Par exemple, quand Harlow mentionne les soudaines «propensions animales» de Gage, que veut-il dire? Idem pour ses «passions animales». On a l'impression d'avoir affaire à quelque chose d'impressionnant, mais quoi? Un appétit d’orgre, des pulsions sexuelles incontrôlables, des hurlements à la lune? Harlow écrit aussi que Gage jure «de temps en temps», mais à quelle fréquence, précisément? Et quel est le contenu de ces jurons? S'agit-il de petites grossièretés comme «bordel» voire «merde», lancées avec parcimonie, ou de formules bien plus obscènes? Harlow note aussi que Gage se met à raconter des fables incroyables à ses neveux et nièces sur ses aventures. S'agit-il là de véritables affabulations, un symptôme fréquent de lésion frontale, ou un simple goût pour les histoires à dormir debout? Même la conclusion voulant que «Gage n'était plus Gage» peut dire à peu près n'importe quoi et son contraire.

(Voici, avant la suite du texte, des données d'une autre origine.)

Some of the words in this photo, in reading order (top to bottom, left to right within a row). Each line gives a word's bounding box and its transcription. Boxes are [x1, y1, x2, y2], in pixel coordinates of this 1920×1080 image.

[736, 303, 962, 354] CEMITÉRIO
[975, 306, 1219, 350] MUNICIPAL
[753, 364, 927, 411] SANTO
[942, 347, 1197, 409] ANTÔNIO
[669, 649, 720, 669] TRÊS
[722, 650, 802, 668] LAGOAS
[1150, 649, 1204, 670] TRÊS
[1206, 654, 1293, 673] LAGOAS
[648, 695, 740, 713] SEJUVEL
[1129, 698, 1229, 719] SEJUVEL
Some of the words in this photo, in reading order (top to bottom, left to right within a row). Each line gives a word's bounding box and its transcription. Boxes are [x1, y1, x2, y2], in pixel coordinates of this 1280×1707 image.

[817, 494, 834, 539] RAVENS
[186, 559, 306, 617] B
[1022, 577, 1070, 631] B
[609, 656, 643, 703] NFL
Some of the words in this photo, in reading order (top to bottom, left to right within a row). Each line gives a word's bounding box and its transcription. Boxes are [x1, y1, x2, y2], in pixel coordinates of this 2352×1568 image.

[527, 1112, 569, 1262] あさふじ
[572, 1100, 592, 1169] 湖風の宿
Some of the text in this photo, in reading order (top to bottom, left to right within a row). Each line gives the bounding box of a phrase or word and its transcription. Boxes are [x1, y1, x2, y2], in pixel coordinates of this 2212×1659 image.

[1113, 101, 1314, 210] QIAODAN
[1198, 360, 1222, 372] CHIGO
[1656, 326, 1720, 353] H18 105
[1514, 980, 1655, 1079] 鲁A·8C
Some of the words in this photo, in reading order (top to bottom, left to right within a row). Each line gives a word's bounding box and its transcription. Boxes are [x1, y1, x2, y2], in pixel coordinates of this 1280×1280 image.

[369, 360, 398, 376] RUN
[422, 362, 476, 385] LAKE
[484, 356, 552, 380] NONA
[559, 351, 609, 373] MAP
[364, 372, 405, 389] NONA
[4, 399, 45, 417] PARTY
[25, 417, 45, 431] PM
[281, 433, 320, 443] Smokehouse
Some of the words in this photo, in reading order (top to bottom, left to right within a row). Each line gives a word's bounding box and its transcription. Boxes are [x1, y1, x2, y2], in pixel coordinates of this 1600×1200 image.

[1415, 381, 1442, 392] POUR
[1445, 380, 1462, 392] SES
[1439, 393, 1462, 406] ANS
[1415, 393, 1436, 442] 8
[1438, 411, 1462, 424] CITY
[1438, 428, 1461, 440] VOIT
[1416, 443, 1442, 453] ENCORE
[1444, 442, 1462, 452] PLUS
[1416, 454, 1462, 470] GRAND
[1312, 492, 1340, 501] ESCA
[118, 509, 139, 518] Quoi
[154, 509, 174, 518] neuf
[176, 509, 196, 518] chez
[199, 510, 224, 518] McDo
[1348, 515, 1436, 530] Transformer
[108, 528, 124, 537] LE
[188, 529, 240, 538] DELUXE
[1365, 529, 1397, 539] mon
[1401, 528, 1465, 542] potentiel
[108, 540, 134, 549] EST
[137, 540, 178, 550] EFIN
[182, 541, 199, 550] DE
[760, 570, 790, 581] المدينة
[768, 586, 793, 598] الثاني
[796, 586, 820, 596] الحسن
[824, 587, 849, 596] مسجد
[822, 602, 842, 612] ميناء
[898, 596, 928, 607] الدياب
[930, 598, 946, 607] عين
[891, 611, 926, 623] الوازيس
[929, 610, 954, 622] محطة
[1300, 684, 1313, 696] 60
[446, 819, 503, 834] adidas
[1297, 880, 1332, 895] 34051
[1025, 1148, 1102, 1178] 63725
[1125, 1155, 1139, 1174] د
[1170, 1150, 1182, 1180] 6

Et, de fait, c'est ce qu'on s'est mis à lui faire dire. Si le diagnostic de lésion du lobe frontal est si difficile à poser, c'est que les comportements des gens varient énormément à l'état normal: naturellement, il se peut que nous soyons violent, rustre, cruel, querelleur, etc. Pour juger si une personne a changé après un accident, vous devez l'avoir connue avant. Malheureusement, aucun intime de Gage n'a laissé le moindre témoignage. Et avec si peu de données factuelles susceptibles de cadrer l'imagination des gens, il ne faudra que quelques années pour que les rumeurs se mettent à enfler sur le compte de Gage, jusqu'à ce qu'un tout nouveau Phineas fasse son apparition.
Macmillan résume ainsi la caricature de Gage:
«Un bon à rien paresseux, instable, impatient, poissard et ivrogne, errant de cirque en foire, incapable de s'occuper de lui-même, jusqu'à mourir sans le sou.»
Parfois, ses nouveaux traits se contredisent: des sources décrivent Gage comme complètement apathique sur un plan sexuel, d'autres comme un insatiable obsédé; pour certains, il est atrabilaire et irascible, pour d'autres, il est totalement vide à l'intérieur, comme lobotomisé.
Et certaines anecdotes sont des inventions pures et simples. On raconte notamment que Gage aurait vendu, en exclusivité, les droits de son squelette à une école de médecine –avant de changer de ville et de faire une offre identique à un autre établissement, puis encore à un autre, au gré de ses errances, en empochant à chaque fois l'argent de son arnaque. Dans une autre histoire, à vous plier en deux, Gage aurait passé les vingt dernières années de sa vie avec la barre à mine toujours empalée dans le crâne.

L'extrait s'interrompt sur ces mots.